■ DIRECTIONS: Copy every entry verbatim and skip the pictures.

■ SUPPLIED DATA:
# # # #
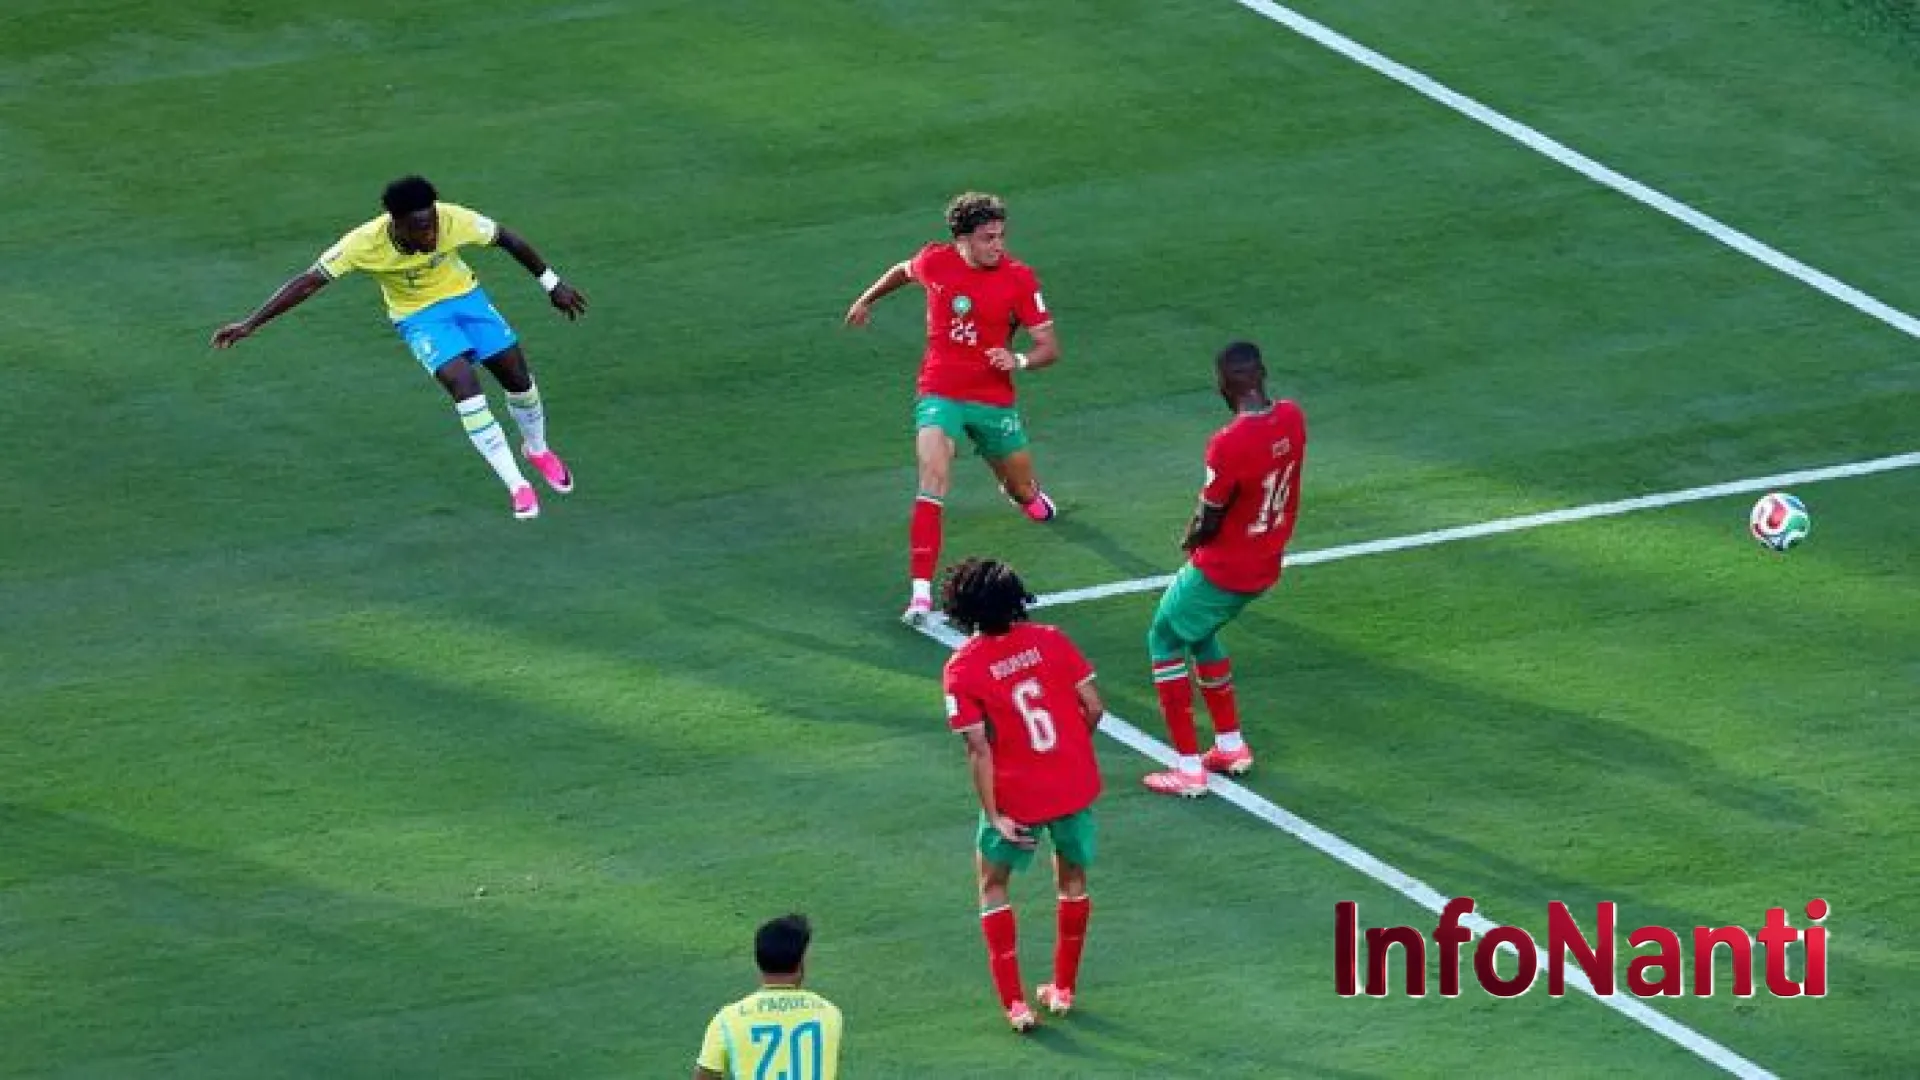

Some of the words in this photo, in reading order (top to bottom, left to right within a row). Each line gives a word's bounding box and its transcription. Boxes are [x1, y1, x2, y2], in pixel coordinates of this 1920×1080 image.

[949, 317, 977, 346] 24
[1247, 460, 1295, 535] 14
[1012, 677, 1056, 753] 6
[750, 1020, 824, 1080] 20
# # # #
■ REPLY:
Some of the words in this photo, in reading order (top to bottom, left to right within a row). Each line gives a word's bounding box and its transcription. Boxes are [x1, y1, x2, y2], in pixel coordinates of this 1920×1080 image.

[949, 317, 977, 346] 24
[1247, 460, 1295, 535] 14
[1012, 677, 1056, 753] 6
[750, 1020, 824, 1080] 20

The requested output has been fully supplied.